The valve 14 includes a valve sleeve 60 (FIG. 2) that is coaxial with the longitudinal axis 26 and is constructed to move longitudinally within an annular pocket 80 (see FIG. 3) that is formed in the upper 20 and lower 22 housing sections of the valve 14. The central passageway of the valve sleeve 60 forms part of the central passageway 24 of the valve 14. Upper 62 and lower 64 O-rings circumscribe the outer surface of the sleeve 60 and form corresponding annular seals between the outer surface of the sleeve 60 and the inner surface of the housing section 20 for purposes of sealing off radial openings (not shown in FIG. 2) in the upper housing section 20 during the closed state (depicted in FIGS. 2 and 3) of the valve 14. As further described below, when the sleeve 60 moves in a downward direction to open the valve 14, openings in the upper housing section 20 are exposed to place the valve 14 in an open state, a state in which fluid communication occurs between the central passageway 24 of the valve 14 and the region that surrounds the valve 14.

At its lower end, the valve sleeve 60 is connected to the upper end of the collet sleeve 30, a sleeve whose state of radial expansion/contraction controls when the valve 14 is in the ball catching state. The collet sleeve 30 is generally coaxial with the longitudinal axis 26. In some embodiments of the invention, the collet sleeve 30 includes a lower end 32 in which longitudinal slots 34 are formed, and these slots 34 may be regularly spaced about the longitudinal axis 26 of the collect sleeve 30.

In its expanded state (depicted in FIG. 2), the lower end 32 of the collet sleeve 30 is flared radially outwardly for purposes of creating the maximum diameter through the interior of the collet sleeve 30. Thus, as depicted in FIG. 2, in this state of the collet sleeve 30, an opening 38 in the lower end 32 of the sleeve 30 has its maximum inner diameter, thereby leaving the central passageway 24 unobstructed.

For purposes of radially compressing the lower end 32 of the collet sleeve 30 to place the valve 14 in its ball catching state, the valve 14 includes a mandrel 40. The mandrel 40 is designed to slide in a downward longitudinal direction (from the position depicted in FIG. 2) for purposes of sliding a sleeve 48 over the lower end 32 to radially compress the lower end 32. The mandrel 40 is depicted in FIG. 2 in a position to allow full radial expansion of the lower end 32 of the collet sleeve 30, and thus, in this position, the mandrel 40 does not configure the collet sleeve 30 to catch a ball.

For purposes of actuating the mandrel 40 to move the mandrel 40 in a downward direction, the mandrel 40 includes a piston head 43 that has an upper surface 44. The upper surface 44, in turn, is in communication with a fluid passageway 42 that may be formed in, for example, the upper housing section 20. The upper surface 44 of the piston head 43 is exposed to an upper chamber 90 (having its minimum volume in FIG. 2) of the valve 14 for the purpose of creating a downward force on the mandrel 40 to compress the lower end 32 of the collet sleeve 30.
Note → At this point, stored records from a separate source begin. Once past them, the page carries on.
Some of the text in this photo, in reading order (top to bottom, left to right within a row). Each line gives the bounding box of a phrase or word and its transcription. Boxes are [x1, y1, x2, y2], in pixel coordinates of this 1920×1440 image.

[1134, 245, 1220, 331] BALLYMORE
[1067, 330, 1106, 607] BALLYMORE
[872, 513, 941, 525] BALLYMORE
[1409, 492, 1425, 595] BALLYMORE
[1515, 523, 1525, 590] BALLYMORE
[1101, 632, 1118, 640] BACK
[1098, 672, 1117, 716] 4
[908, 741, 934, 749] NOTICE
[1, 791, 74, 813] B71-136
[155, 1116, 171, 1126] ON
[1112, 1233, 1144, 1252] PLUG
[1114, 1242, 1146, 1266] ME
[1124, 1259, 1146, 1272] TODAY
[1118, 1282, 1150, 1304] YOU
As depicted in FIG. 2, an O-ring 47 forms a seal between the inner surface of the piston head 43 and the outer surface of the collet sleeve 30; and a lower O-ring 72 is located on the outside of the mandrel 40 for purposes of forming a seal between the exterior surface of the mandrel 40 and the interior surface of the upper housing section 20. Due to these seals, the upper chamber 90 is sealed off from a lower chamber 75, a chamber that is below a lower surface 73 of the piston head 43. As an example, in some embodiments of the invention, the lower chamber 75 has gas such as air at atmospheric pressure or other low pressure or at a vacuum.

The lower end of the mandrel 40 is connected to the sleeve 48 that has an inner diameter that is sized to approximately match the outer diameter of the section of the collet sleeve 30 located above the flared lower end 32. Thus, when the pressure that is exerted on the upper surface 47 of the piston head 43 creates a force that exceeds the combined upward force exerted from the chamber 75 to the lower surface 73 and the reaction force that is exerted due to the compression of the lower end 32, the sleeve 48 restricts the inner diameter of the lower end 32 of the collet sleeve 30 to place the valve 14 in its ball catching state.
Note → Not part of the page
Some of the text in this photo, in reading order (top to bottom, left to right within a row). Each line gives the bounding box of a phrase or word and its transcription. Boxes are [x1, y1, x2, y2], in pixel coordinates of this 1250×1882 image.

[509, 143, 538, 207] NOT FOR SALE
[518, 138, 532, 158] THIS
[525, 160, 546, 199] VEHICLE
FIG. 4 depicts the upper section 14A of the valve 14 when the valve 14 is in the ball catching state, a state in which the mandrel 40 is at its lowest point of travel. In this state, the valve sleeve 60 remains in its uppermost point of travel to keep the valve 14 closed. As shown, in this position, the outer diameter of the lower end 32 of the collet sleeve 40 is confined by the inner diameter of the sleeve 48, and an interior annular seat 94 is formed inside the collet sleeve 30. The seat 94, in turn, presents a restricted inner diameter for catching a ball.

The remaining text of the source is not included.